CPU Performance: SPEC2006

SPEC2006 has been a natural goal to aim for as a keystone analysis benchmark as it’s a respected industry standard benchmark that even silicon vendors use for architecture analysis and development. As we saw SPEC2017 released last year SPEC2006 is getting officially retired on January 9th, a funny coincidence as we now finally start using it.

As Android SoCs improve in power efficiency and performance it’s now becoming more practical to use SPEC2006 on consumer smartphones. The main concerns of the past were memory usage for subtests such as MCF, but more importantly sheer test runtimes for battery powered devices. For a couple of weeks I’ve been busy in porting over SPEC2006 to a custom Android application harness.
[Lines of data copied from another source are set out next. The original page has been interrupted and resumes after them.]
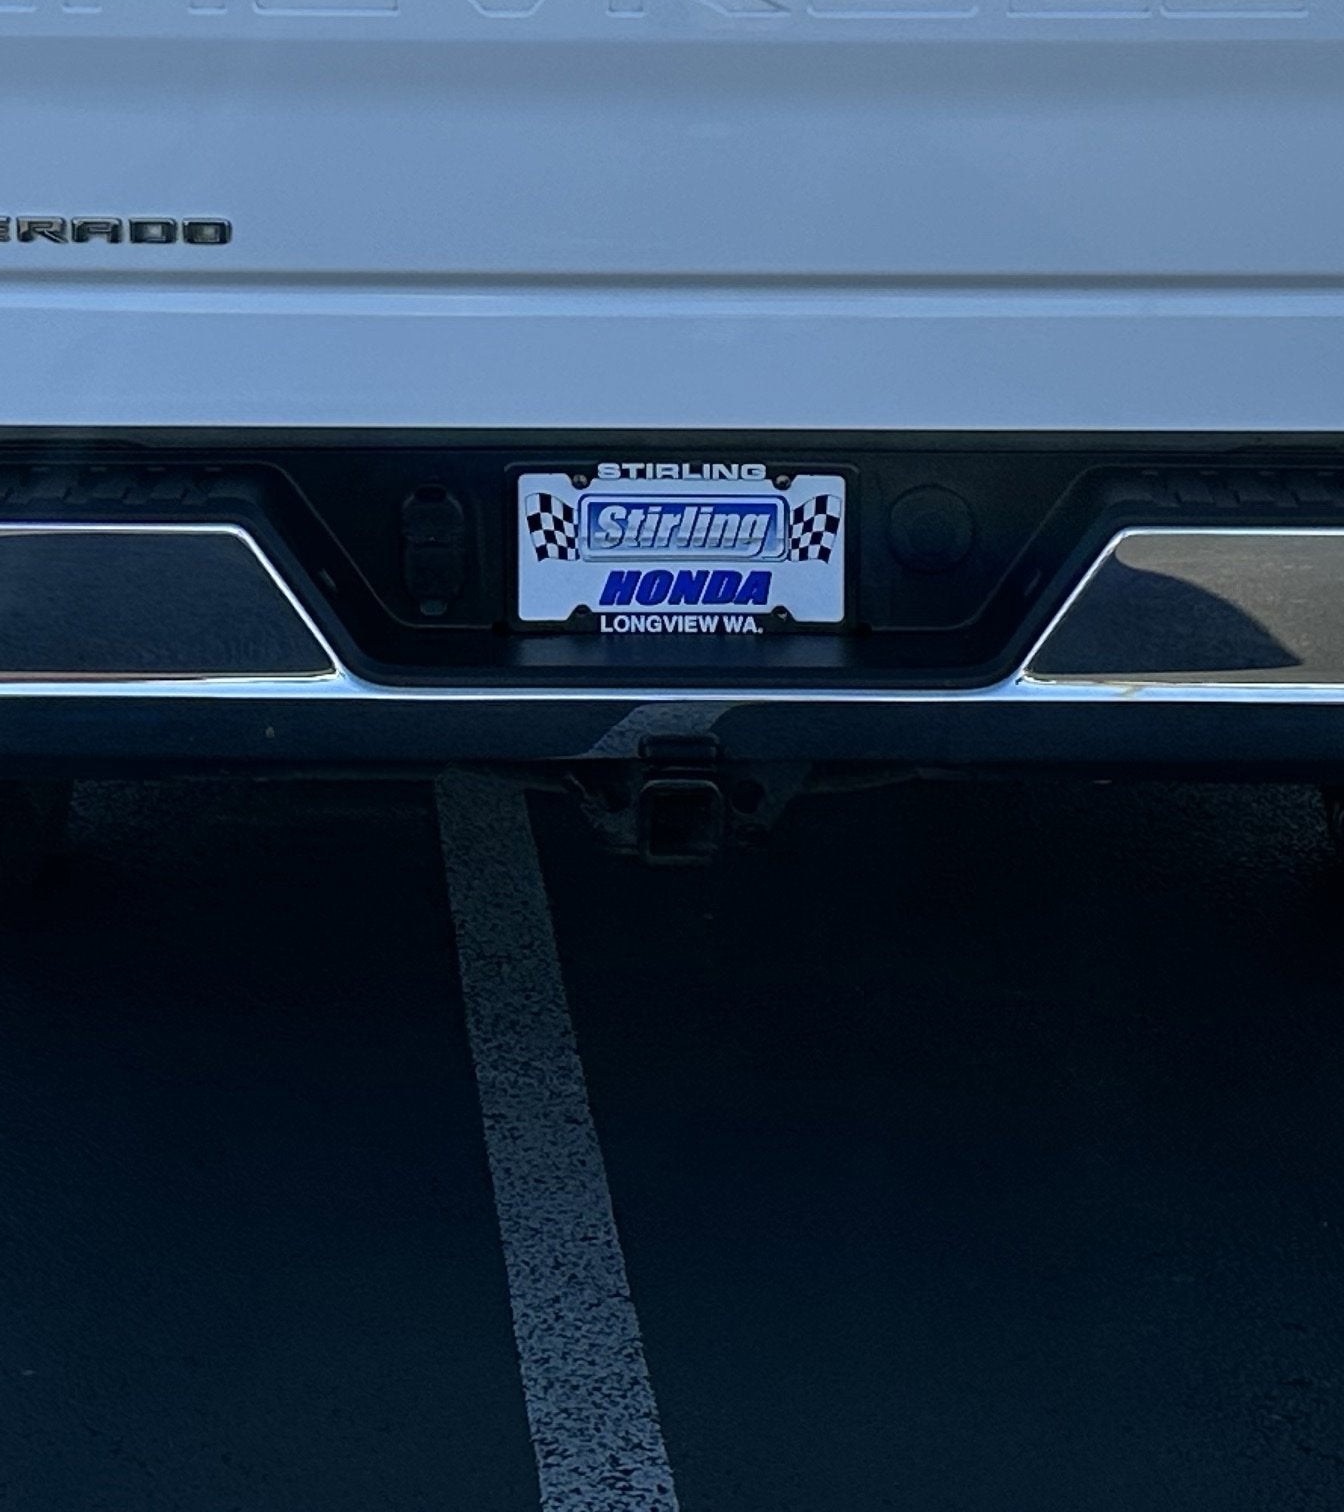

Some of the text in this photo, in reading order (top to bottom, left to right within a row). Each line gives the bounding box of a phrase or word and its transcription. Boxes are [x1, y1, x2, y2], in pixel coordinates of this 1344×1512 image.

[596, 462, 768, 481] STIRLING
[594, 504, 773, 558] Stirling
[598, 569, 773, 606] HONDA
[600, 614, 764, 634] LONGVIEW WA.
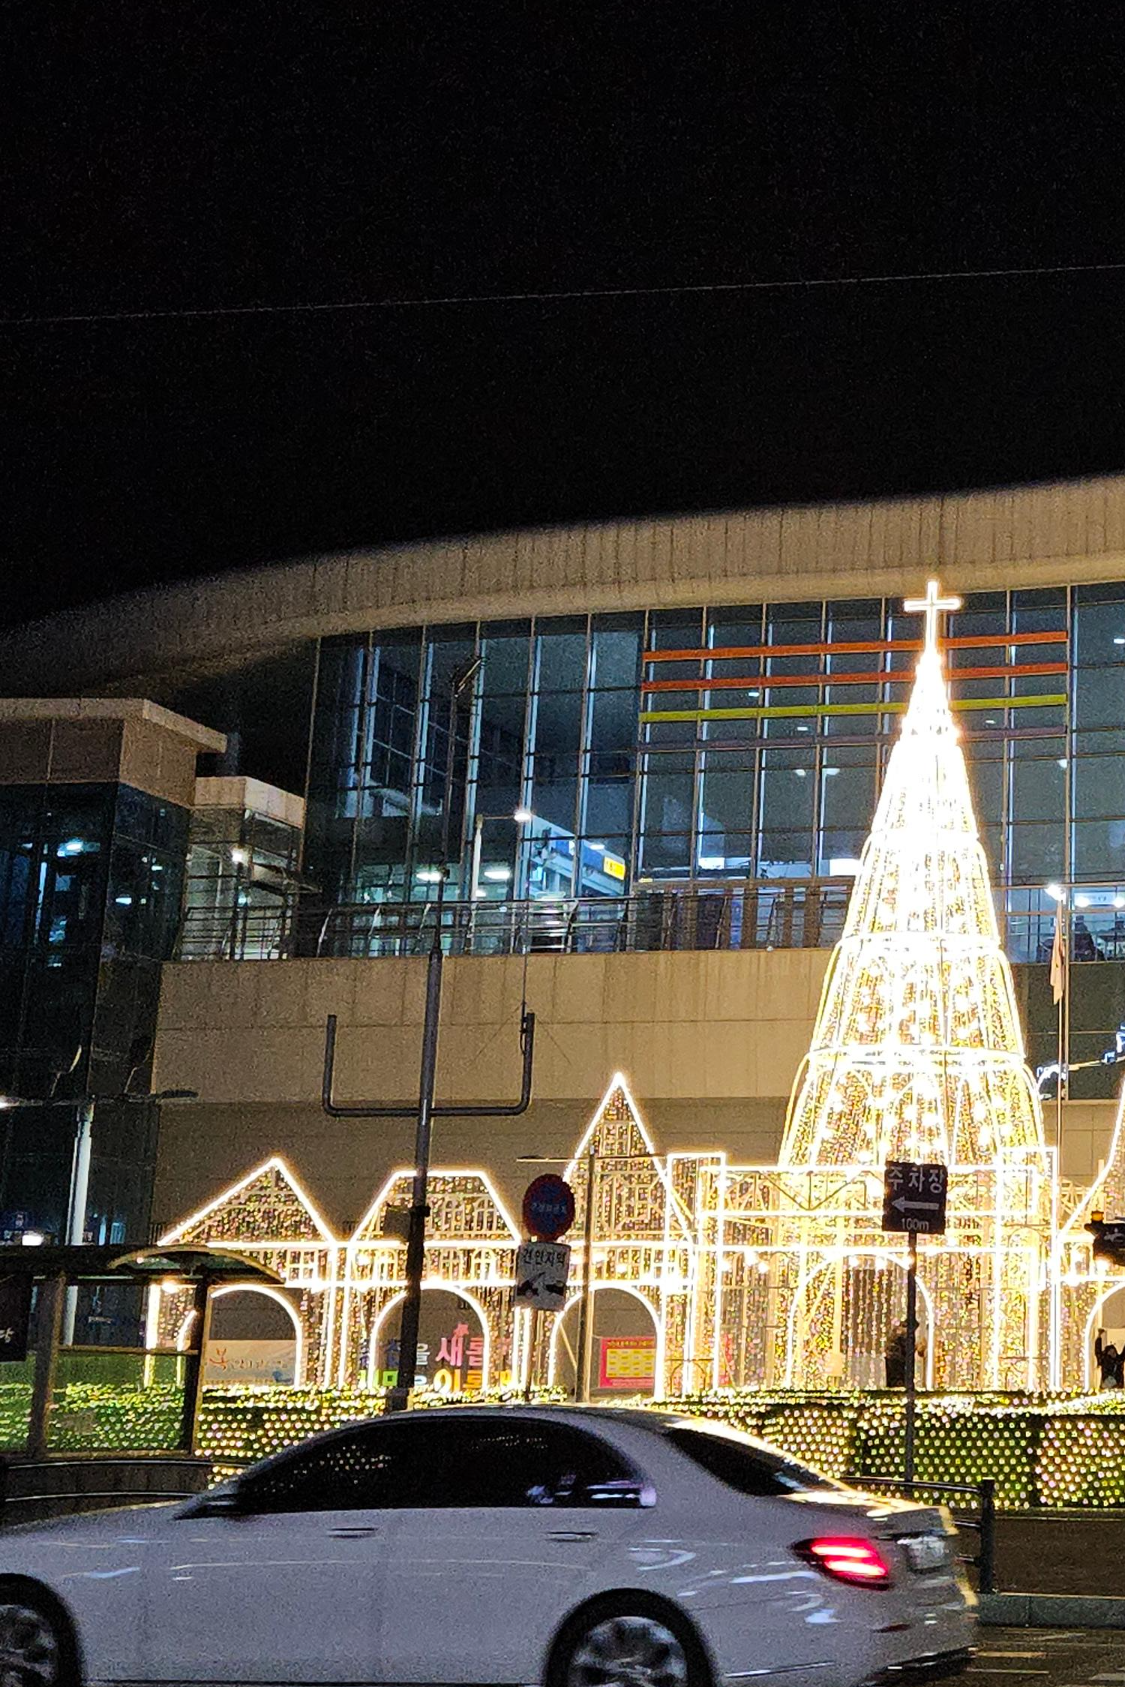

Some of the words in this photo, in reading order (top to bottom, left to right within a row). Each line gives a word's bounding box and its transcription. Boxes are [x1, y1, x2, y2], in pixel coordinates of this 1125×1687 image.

[887, 1166, 945, 1193] 주차장
[901, 1218, 929, 1231] 100m
[523, 1248, 567, 1267] 견인지역
The results are quite remarkable as we see both the generational performance as well as efficiency improvements from the various Android SoC vendors. The Kirin 970 in particular closes in on the efficiency of the Snapdragon 835, leapfrogging the Kirin 960 and Exynos SoCs. We also see a non-improvement in absolute performance as the Kirin 970 showcases a slight performance degradation over the Kirin 960 – with all SoC vendors showing just meagre performance gains over the past generation.

Going Into The Details

Our new SPEC2006 harness is compiled using the official Android NDK. For this article the NDK version used in r16rc1 and Clang/LLVM were used as the compilers with just the –Ofast optimization flags (alongside applicable test portability flags). Clang was chosen over of GCC because Google has deprecated GCC in the NDK toolchain and will be removing the compiler altogether in 2018, making it unlikely that we’ll revisit GCC results in the future. It should be noted that in my testing GCC 4.9 still produced faster code in some SPEC subtests when compared to Clang. Nevertheless the choice of Clang should in the future also facilitate better Androids-to-Apples comparisons in the future. While there are arguments that SPEC scores should be published with the best compiler flags for each architecture I wanted a more apples-to-apples approach using identical binaries (Which is also what we expect to see distributed among real applications). As such for this article the I’ve chosen to pass to the compiler the –mcpu=cortex-a53 flag as it gave the best average overall score among all tested CPUs. The only exception was the Exynos M2 which profited from an additional 14% performance boost in perlbench when compiled with its corresponding CPU architecture target flag.

As the following SPEC scores are not submitted to the SPEC website we have to disclose that they represent only estimated values and thus are not officially validated submissions.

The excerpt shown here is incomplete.